I think that I almost gave up then. Never in my life have I felt more hopeless or helpless or alone. I was lost. I could not find my friends. I did not even know that they still lived; in fact, I could not bring myself to believe that they did. I was sure that Lys was dead. I wanted myself to die, and yet I clung to life—useless and hopeless and harrowing a thing as it had become. I clung to life because some ancient, reptilian forbear had clung to life and transmitted to me through the ages the most powerful motive that guided his minute brain—the motive of self-preservation.

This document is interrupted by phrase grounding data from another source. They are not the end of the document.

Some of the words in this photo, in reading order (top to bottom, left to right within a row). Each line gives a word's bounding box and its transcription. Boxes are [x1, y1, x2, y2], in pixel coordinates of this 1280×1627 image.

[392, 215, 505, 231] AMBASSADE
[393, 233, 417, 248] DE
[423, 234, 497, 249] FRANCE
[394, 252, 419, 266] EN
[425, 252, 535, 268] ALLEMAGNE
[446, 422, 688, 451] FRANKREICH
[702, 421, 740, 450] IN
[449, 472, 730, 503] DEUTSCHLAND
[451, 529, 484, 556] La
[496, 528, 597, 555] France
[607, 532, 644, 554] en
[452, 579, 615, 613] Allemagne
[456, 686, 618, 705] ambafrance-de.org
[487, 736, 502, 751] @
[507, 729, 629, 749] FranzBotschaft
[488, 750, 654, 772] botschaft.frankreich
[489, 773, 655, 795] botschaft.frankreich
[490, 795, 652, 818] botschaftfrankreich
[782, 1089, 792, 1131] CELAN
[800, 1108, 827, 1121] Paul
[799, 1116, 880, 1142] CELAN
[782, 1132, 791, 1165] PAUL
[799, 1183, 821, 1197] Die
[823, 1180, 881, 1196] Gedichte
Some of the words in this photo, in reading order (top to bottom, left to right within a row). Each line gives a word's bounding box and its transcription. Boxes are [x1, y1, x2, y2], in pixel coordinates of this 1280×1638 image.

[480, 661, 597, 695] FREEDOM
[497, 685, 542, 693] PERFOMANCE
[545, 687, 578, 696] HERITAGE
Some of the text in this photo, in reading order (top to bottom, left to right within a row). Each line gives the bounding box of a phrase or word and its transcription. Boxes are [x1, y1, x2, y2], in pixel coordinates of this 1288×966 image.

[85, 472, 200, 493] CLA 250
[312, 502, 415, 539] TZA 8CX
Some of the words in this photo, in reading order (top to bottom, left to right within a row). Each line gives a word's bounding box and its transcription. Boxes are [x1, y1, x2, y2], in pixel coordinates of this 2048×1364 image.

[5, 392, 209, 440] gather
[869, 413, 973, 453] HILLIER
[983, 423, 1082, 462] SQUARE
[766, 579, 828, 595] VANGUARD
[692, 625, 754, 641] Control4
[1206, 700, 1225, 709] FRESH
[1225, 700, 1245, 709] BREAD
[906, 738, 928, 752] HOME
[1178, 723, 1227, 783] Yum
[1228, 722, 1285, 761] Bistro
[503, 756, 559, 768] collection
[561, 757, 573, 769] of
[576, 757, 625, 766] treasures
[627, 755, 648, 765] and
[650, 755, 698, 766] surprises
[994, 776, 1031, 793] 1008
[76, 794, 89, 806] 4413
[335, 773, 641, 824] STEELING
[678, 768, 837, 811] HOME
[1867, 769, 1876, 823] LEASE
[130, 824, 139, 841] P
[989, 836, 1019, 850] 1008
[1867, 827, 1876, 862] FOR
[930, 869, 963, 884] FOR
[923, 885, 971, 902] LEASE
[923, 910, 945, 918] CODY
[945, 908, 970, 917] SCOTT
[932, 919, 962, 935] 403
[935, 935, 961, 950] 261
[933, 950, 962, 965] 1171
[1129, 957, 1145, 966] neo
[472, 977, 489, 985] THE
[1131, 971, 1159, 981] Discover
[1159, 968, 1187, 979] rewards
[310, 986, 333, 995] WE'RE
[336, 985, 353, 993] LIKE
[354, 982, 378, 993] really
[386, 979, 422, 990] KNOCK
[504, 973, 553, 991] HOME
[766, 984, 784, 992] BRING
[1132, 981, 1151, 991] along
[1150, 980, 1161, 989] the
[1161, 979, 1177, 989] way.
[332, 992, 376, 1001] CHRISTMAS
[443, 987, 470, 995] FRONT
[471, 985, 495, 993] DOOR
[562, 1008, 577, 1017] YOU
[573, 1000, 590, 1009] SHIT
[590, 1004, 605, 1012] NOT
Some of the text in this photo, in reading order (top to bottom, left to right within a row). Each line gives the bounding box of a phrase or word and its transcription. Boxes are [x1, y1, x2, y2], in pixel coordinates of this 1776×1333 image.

At last I came to the great barrier-cliffs; and after three days of mad effort—of maniacal effort—I scaled them. I built crude ladders; I wedged sticks in narrow fissures; I chopped toe-holds and finger-holds with my long knife; but at last I scaled them. Near the summit I came upon a huge cavern. It is the abode of some mighty winged creature of the Triassic—or rather it was. Now it is mine. I slew the thing and took its abode. I reached the summit and looked out upon the broad gray terrible Pacific of the far-southern winter. It was cold up there. It is cold here today; yet here I sit watching, watching, watching for the thing I know will never come—for a sail.